§ What to do: From the first line to the last, give the data again exactly.

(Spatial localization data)
++++++++++++++++++++
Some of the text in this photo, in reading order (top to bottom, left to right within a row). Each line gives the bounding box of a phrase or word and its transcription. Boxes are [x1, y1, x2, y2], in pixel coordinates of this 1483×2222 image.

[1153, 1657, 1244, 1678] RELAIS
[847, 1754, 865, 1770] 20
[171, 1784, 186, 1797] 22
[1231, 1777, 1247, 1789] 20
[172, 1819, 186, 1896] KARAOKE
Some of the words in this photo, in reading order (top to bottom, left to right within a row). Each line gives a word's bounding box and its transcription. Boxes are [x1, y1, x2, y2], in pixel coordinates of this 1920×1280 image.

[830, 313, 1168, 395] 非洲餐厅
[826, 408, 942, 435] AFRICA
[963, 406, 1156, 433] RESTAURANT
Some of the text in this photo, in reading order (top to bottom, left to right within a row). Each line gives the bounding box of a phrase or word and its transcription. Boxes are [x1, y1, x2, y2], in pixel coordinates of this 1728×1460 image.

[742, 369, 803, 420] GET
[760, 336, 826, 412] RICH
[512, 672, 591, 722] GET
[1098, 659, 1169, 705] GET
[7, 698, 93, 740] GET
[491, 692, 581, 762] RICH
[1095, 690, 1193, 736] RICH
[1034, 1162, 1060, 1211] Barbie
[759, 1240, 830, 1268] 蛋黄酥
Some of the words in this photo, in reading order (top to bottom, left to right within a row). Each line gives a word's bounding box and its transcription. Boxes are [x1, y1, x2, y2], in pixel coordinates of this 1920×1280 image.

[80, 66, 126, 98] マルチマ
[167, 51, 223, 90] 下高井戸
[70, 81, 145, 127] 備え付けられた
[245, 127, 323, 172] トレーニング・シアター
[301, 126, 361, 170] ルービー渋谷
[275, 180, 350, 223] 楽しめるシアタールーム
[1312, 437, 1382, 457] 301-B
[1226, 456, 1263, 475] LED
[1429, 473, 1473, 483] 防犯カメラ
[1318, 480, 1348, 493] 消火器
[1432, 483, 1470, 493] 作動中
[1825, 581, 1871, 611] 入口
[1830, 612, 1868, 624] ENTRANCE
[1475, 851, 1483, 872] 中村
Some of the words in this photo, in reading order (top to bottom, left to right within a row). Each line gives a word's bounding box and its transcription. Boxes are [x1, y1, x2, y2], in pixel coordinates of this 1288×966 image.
++++++++++++++++++++
§ Result:
Some of the text in this photo, in reading order (top to bottom, left to right within a row). Each line gives the bounding box of a phrase or word and its transcription. Boxes are [x1, y1, x2, y2], in pixel coordinates of this 1483×2222 image.

[1153, 1657, 1244, 1678] RELAIS
[847, 1754, 865, 1770] 20
[171, 1784, 186, 1797] 22
[1231, 1777, 1247, 1789] 20
[172, 1819, 186, 1896] KARAOKE
Some of the words in this photo, in reading order (top to bottom, left to right within a row). Each line gives a word's bounding box and its transcription. Boxes are [x1, y1, x2, y2], in pixel coordinates of this 1920×1280 image.

[830, 313, 1168, 395] 非洲餐厅
[826, 408, 942, 435] AFRICA
[963, 406, 1156, 433] RESTAURANT
Some of the text in this photo, in reading order (top to bottom, left to right within a row). Each line gives the bounding box of a phrase or word and its transcription. Boxes are [x1, y1, x2, y2], in pixel coordinates of this 1728×1460 image.

[742, 369, 803, 420] GET
[760, 336, 826, 412] RICH
[512, 672, 591, 722] GET
[1098, 659, 1169, 705] GET
[7, 698, 93, 740] GET
[491, 692, 581, 762] RICH
[1095, 690, 1193, 736] RICH
[1034, 1162, 1060, 1211] Barbie
[759, 1240, 830, 1268] 蛋黄酥
Some of the words in this photo, in reading order (top to bottom, left to right within a row). Each line gives a word's bounding box and its transcription. Boxes are [x1, y1, x2, y2], in pixel coordinates of this 1920×1280 image.

[80, 66, 126, 98] マルチマ
[167, 51, 223, 90] 下高井戸
[70, 81, 145, 127] 備え付けられた
[245, 127, 323, 172] トレーニング・シアター
[301, 126, 361, 170] ルービー渋谷
[275, 180, 350, 223] 楽しめるシアタールーム
[1312, 437, 1382, 457] 301-B
[1226, 456, 1263, 475] LED
[1429, 473, 1473, 483] 防犯カメラ
[1318, 480, 1348, 493] 消火器
[1432, 483, 1470, 493] 作動中
[1825, 581, 1871, 611] 入口
[1830, 612, 1868, 624] ENTRANCE
[1475, 851, 1483, 872] 中村
Some of the words in this photo, in reading order (top to bottom, left to right within a row). Each line gives a word's bounding box and its transcription. Boxes are [x1, y1, x2, y2], in pixel coordinates of this 1288×966 image.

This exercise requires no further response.